LEXINGTON, Ky. (WTVQ- Police body cameras are just weeks away. Even before the events in Ferguson, Missouri, almost two years ago, the Lexington Police Department had been researching and testing out different models. Now the first shipment of the city’s $2.6 million investment has arrived.
We live in age when almost anyone can be a photojournalist simply by pressing record on their cell phone. Police officers now have a second line of defense by turning on this body camera with a pack strapped to their hip.
Lexington Police Chief Mark Barnard says, “It’s great for court purposes. It solves the CSI effect that we see. A lot where people want to be part of the crime scene that we see a lot right now…and see exactly what happened.”
The NAACP is one of the local group’s that’s been pushing for the body cameras over the past two years, they say to hold the police and the public accountable.

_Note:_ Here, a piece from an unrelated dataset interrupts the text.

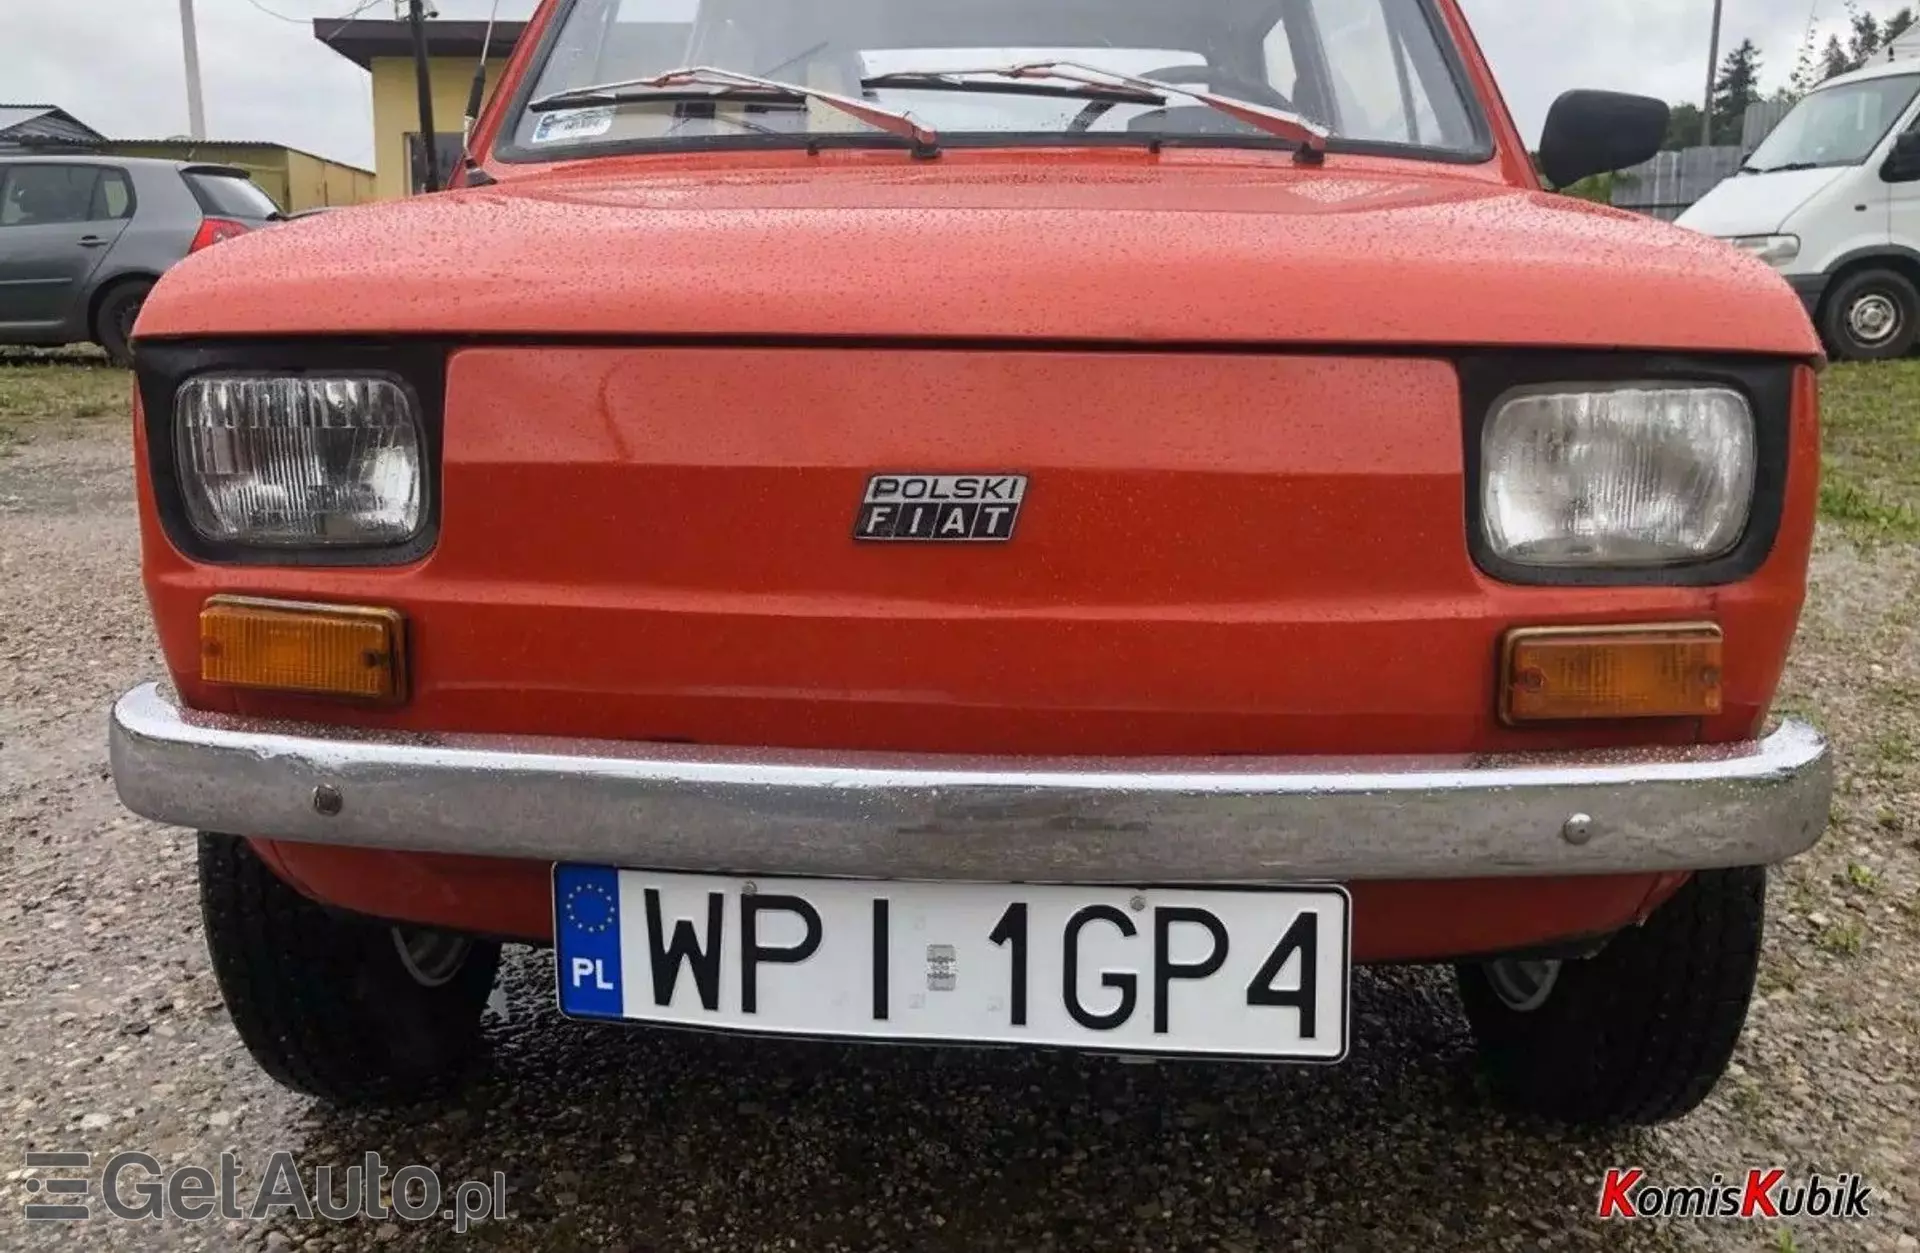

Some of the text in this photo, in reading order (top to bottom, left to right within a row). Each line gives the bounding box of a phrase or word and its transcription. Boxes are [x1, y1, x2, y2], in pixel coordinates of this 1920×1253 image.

William Saunders, President of the Lexington chapter of the NAACP, addresses a crowd at a NAACP town-hall on policing at the Lyric Theater downtown. He says, “We’ve been mishandled in the streets, we have been shot in the streets, and we have died in the streets. So one of the first pieces, but not the entire piece, so one of the first pieces that we need to bring to our city is body cameras.”
In an informational video from the police department showing the point of view of the body camera most day to day interactions with the public, with few exceptions, will be captured.
On the video Commander Eric Lowe says, “This includes traffic stops and requests for services at businesses and homes.”
Many in the crowd at the town hall drilled Chief Barnard on the policies.
Someone in the crowd says, “One of the questions we have at the NAACP is that video can be given to the person so they have a record of the video because once it’s deleted.”
Chief Barnard replies, “So if there was a complaint or an issue that came up that video would not be deleted…They would fall under an open records request.”
In mid-August 75 officers will be wearing the body cams, eventually 400 officers, either on their collar or glasses.
The Chief says it’s a step in the right direction to improving transparency and building trust with the public.
“We’re very confident with it. I think the more inclusion we get and the more people’s input and the more they understand the use of the body cameras the better off we’ll be.”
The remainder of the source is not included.